米沢市歯科医師会

米沢市地域医療講演

「オーラルフレイルから口腔機能障害に対する歯科の取組み」三條祐介君が一般講演

令和4年1月17日(月)午後7時より「米沢市医師会館」講堂にて米沢市医師会、米沢市歯科医師会、米沢市薬剤師会、東和薬品株式会社の共催で米沢市地域医療講演会が開催されました。同時にWeb配信(Zoom)によるハイブリット形式で行われました。山本修平米沢市薬剤師会会長が司会を務め、小林正義米沢市医師会会長より開会の挨拶がありました。一般講演として、「オーラルフレイルから口腔機能障害に対する歯科の取組み」の演題で本会会員三條祐介君より講演が行われました。80歳で20本の歯を保有する割合が30年前は8.2%、平成28年には51.2%を越え、多くの方が食生活に問題なく過ごされている一方で、20本以上の歯を保有しているが、う蝕、歯周病により、口腔機能が低下し食事が出来ない高齢者も増加傾向であると述べました。

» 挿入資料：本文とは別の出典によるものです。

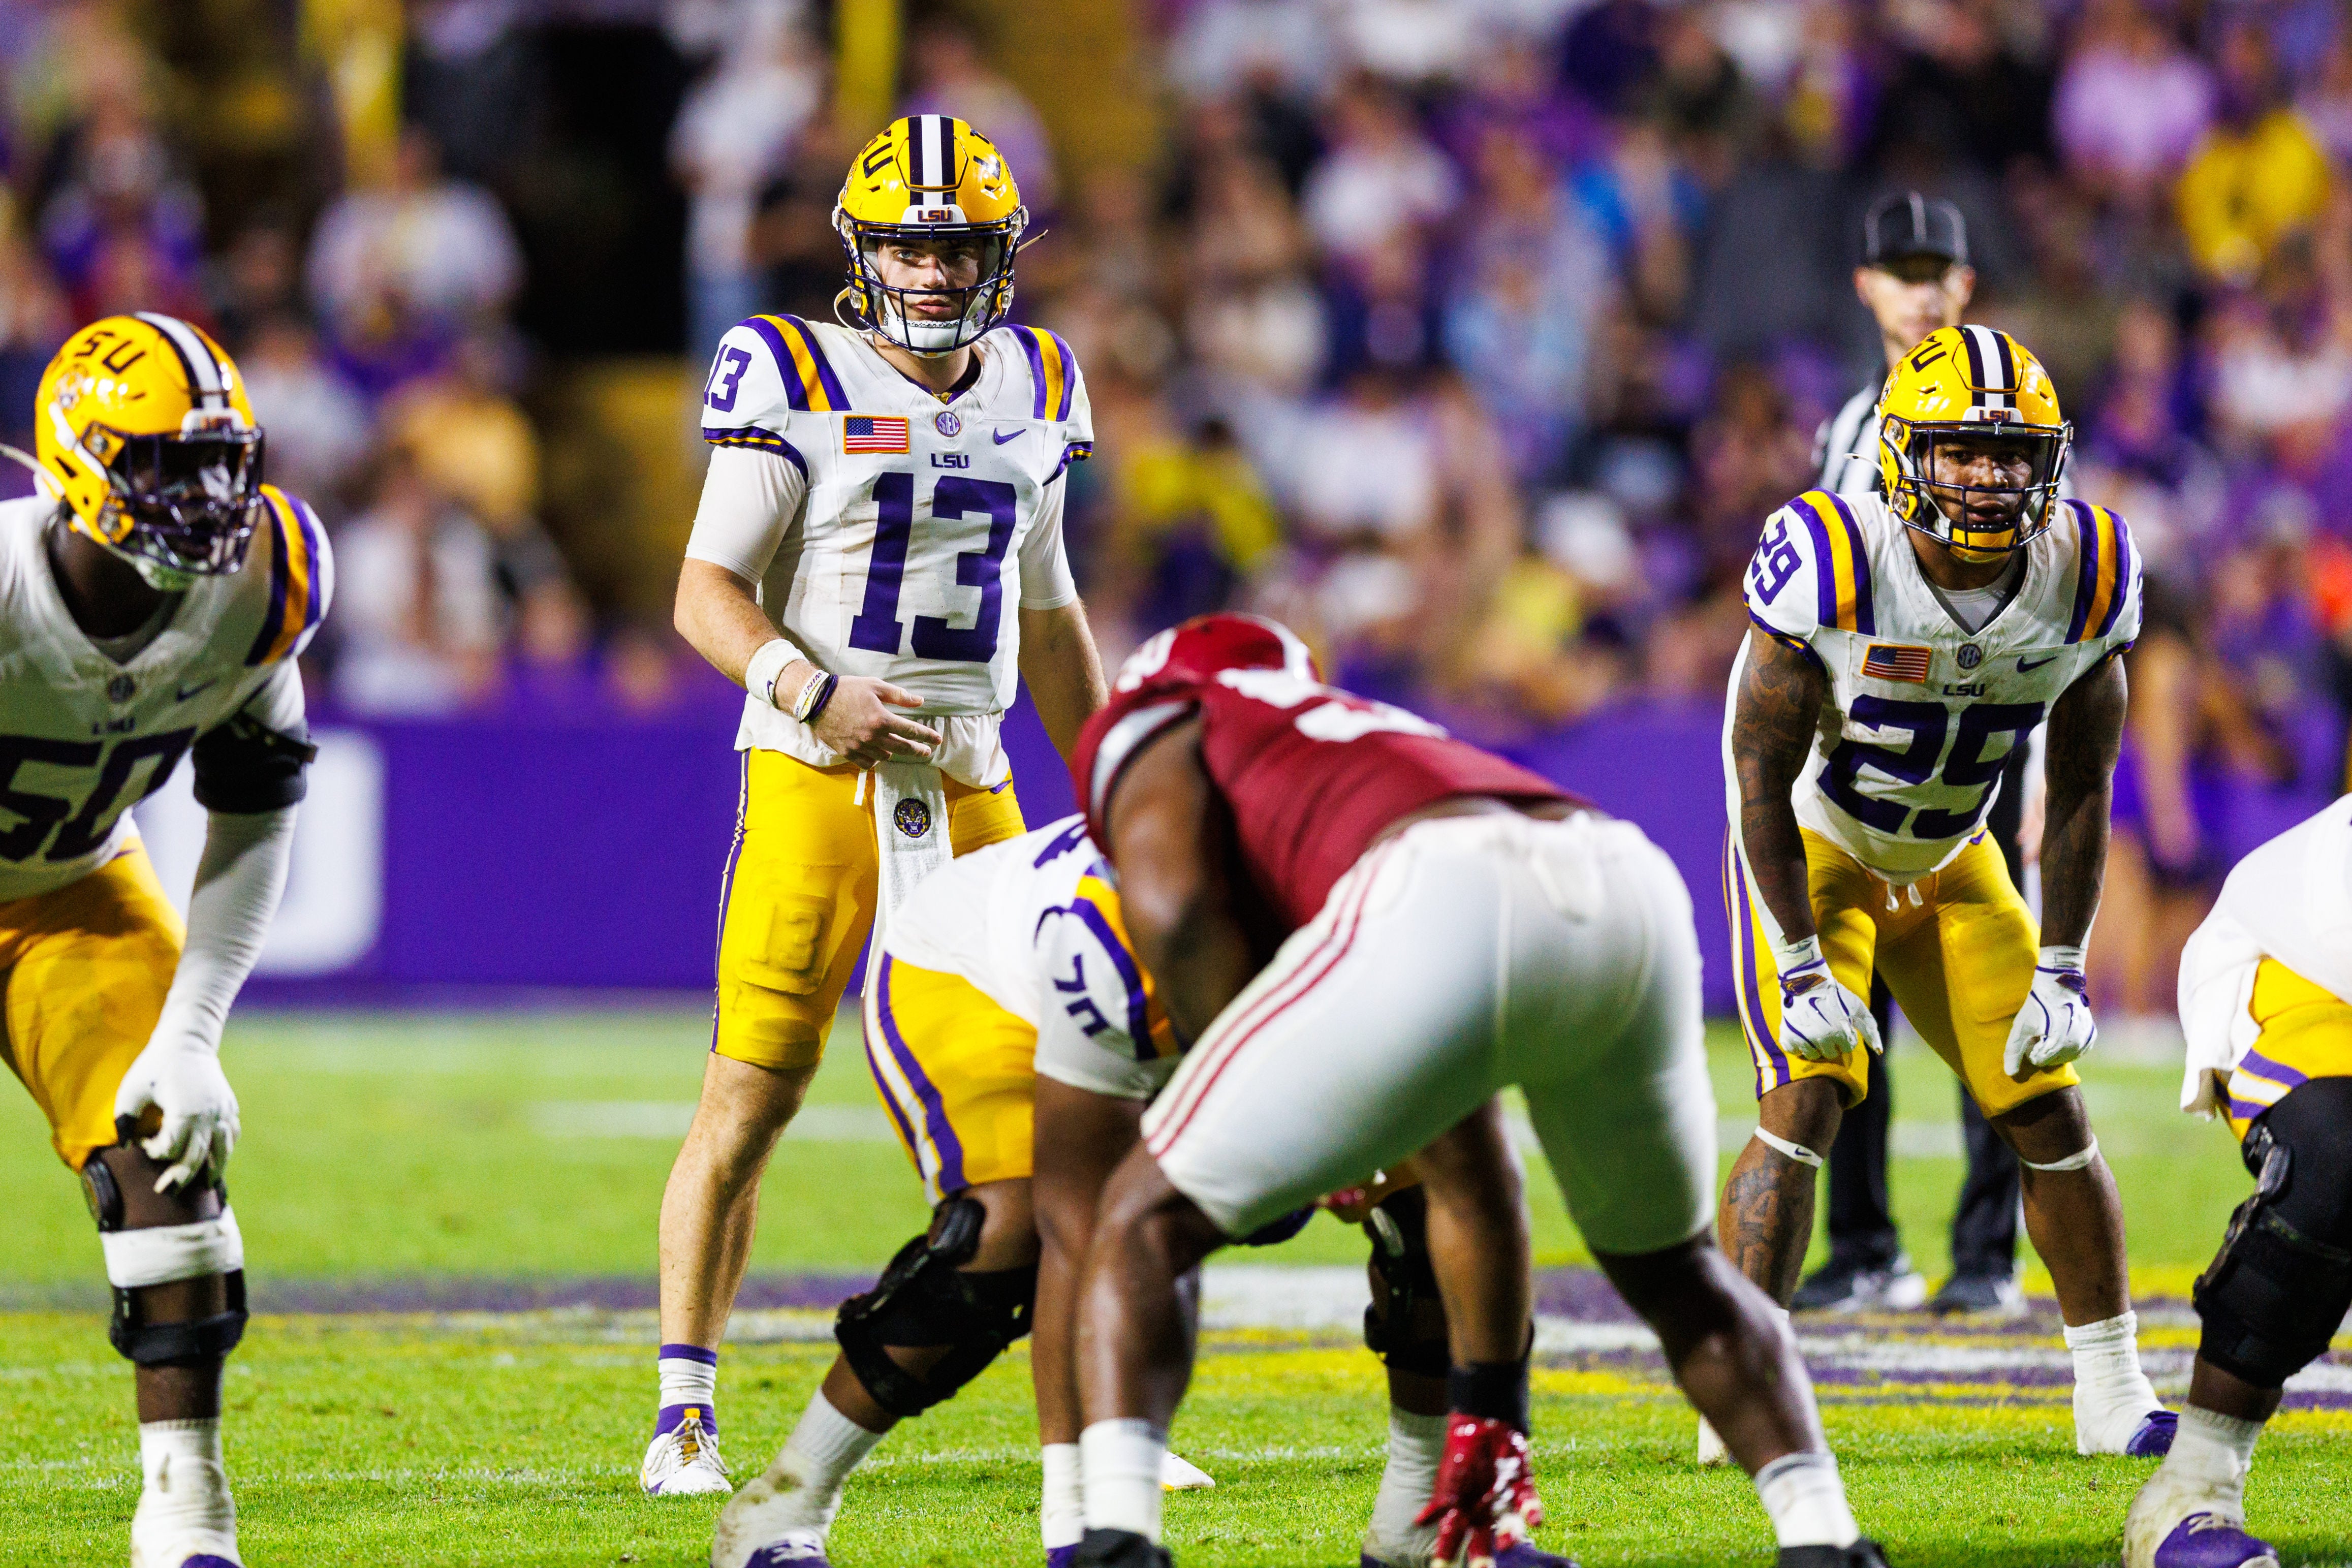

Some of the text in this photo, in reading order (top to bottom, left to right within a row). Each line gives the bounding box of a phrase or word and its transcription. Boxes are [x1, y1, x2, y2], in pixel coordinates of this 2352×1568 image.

演者の三條君オーラルフレイルはⅠ.口の健康への意識の低下、Ⅱ.口のささいなトラブルの連鎖、Ⅲ.口の機能の低下、Ⅳ.食べる機能の障害、と4つのステージで進行していくと考えられ、Ⅲまでであれば適切な治療により回復が期待できるが、Ⅳへ進んだ場合は不可逆的な口腔機能の障害に陥ると述べました。プレフレイル、フレイル、要介護状態、寝たきりと進行するが、オーラルフレイルはプレフレイルの段階に位置し、オーラルフレイル予防がフレイル予防に繫がると述べ、骨粗鬆症や薬剤性歯肉増殖と関連したオーラルフレイルの症例についても説明しました。また嚥下内視鏡検査(VE)について触れ、摂食嚥下障害患者には障害の程度に合った食形態を提供し、口腔機能を維持、誤嚥性肺炎を予防し、国家戦略であるオーラルフレイル予防を歯科医師だけでなく医師、薬剤師、多職種、米沢市行政と連携することが重要と述べました。

続いて特別講演として、「フレイル高齢者の誤嚥性肺炎と嚥下障害の最前線」~加齢と口腔内崩壊錠の新展開~の演題で東邦大学大学院医学研究科リハビリテーション医学講座海老原覚教授より講演が行われました。誤嚥性肺炎の起炎菌は主にα-streptococci、γ- streptococci、Niceria、Batilusといったノーマルフローラ(口腔内常在菌)で、主に口腔連鎖球菌であると述べ、口腔連鎖球菌は口の中の全ての場所で優勢なむし歯菌であり、高齢者で増える傾向にある。よって誤嚥性肺炎は口腔連鎖球菌の内因性感染症と考えられ、抗生剤中心の医療から機能回復の医療へ変えていく必要があると説明しました。摂食嚥下障害者には食事の粘度の工夫が行われているが、嚥下反射を促すためには温度が重要で、冷刺激が嚥下を促すと知られているが、カプサイシン等の香辛料が知覚を刺激し、嚥下を促すこと、また匂い刺激も有効であると述べ、温度、匂い、口腔内ケアにより感覚を刺激し機能を回復させ、口腔内常在菌を減らすことが誤嚥性肺炎の予防に有効であると述べました。おいしい食事には甘味、酸味、塩味、苦味、渋味、旨味、匂い、形や温度、色や光沢、音、会話が欠かせず、患者に合った工夫と対応が大切であると述べました。質疑応答では多数の質問がありフレイルに対する関心の高さが伺えました。最後に鈴木基米沢市歯科医師会会長の閉会の挨拶で講演会を終えました。